A patient on a psychiatric ward confides that sparrows nesting on a
neighbor's roof had urged him to destroy the neighbor's satellite dish since
it was intruding on nature; the nurse who hears this revelation has spent the
morning hiking in the woods and meditating on the importance of
"communing" with the natural world.
These examples underscore what two decades of cognitive psychology and
neuropsychology have revealed: that the "ordinary" mind is not so
very ordinary, and the psychotic mind is no alien from another planet.
In a lecture at APA's Institute on Psychiatric Services in New Orleans in
October, psychiatrist Michael Garrett, M.D., said a newly emerging
understanding of the continuum between psychosis and "ordinary"
mind is changing the traditional view of the radically "other"

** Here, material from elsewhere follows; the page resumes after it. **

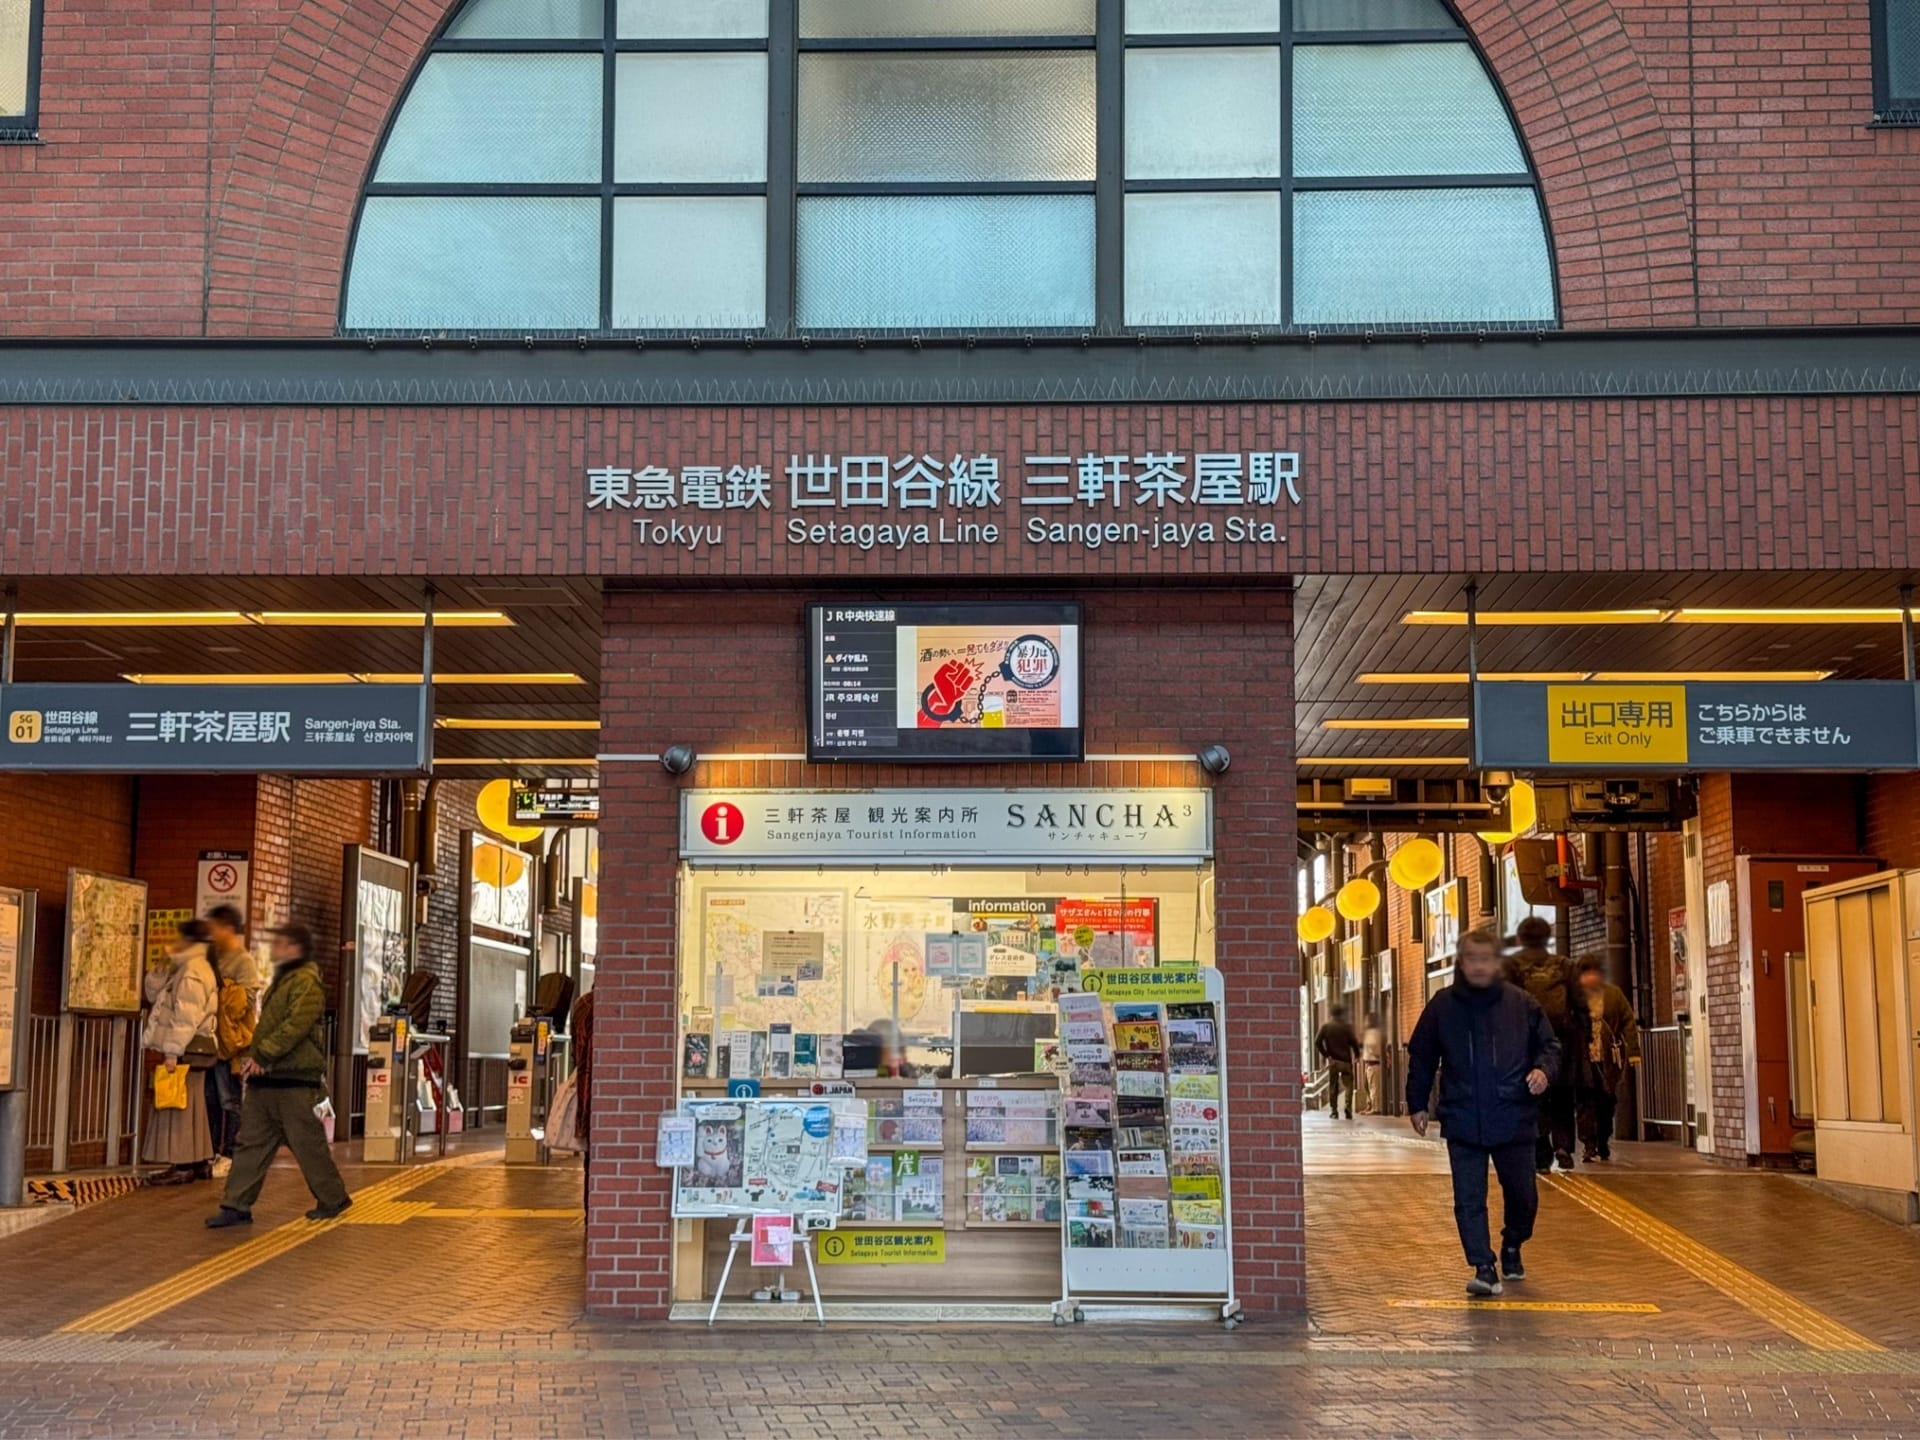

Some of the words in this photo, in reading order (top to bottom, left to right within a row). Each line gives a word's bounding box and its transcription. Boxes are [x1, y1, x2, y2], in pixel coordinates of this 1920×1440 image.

nature of psychotic thoughts and delusions, with important implications for
treatment of schizophrenia.
"In a classic diagnostic interview we try to elicit symptoms in order
to make a diagnosis and a treatment plan," Garrett said. "But
patients often experience this as labeling, which can lead to withdrawal. In a
situation in which clinicians can find analogies to psychosis within
themselves [and can relate them to a patient], it creates a radically
different relationship with the patient. The patient is liable to think, 'If
the doctor has had an experience like mine, I can risk talking about
it.'"
Garrett, who is vice chair of psychiatry at SUNY Downstate Medical Center
in Brooklyn, N.Y., said that while medication remains the essential element in
the biological treatment of schizophrenia, the recognition of a continuum
between psychosis and ordinary mind is an essential element in the
cognitive-behavioral therapy (CBT) of psychosis. CBT can help to
"de-catastrophize" the anomalous experiences of psychosis, he
said.
"This is a normalizing approach that says to the patient, 'There is a
range of human experience. Tell me about yours. I may have had experiences
that are similar.'"
'One Extreme of Human Experience'
Garrett outlined some 20 years of cognitive psychological research showing
the continuity between psychosis and ordinary mind. A psychoanalyst, he also
drew on the depth psychology of Melanie Klein— especially her conception
of internalized and externalized "object" relations—as well
as everyday examples to show ways in which psychotic symptoms are apt to be
eccentric extensions of ordinary cognition.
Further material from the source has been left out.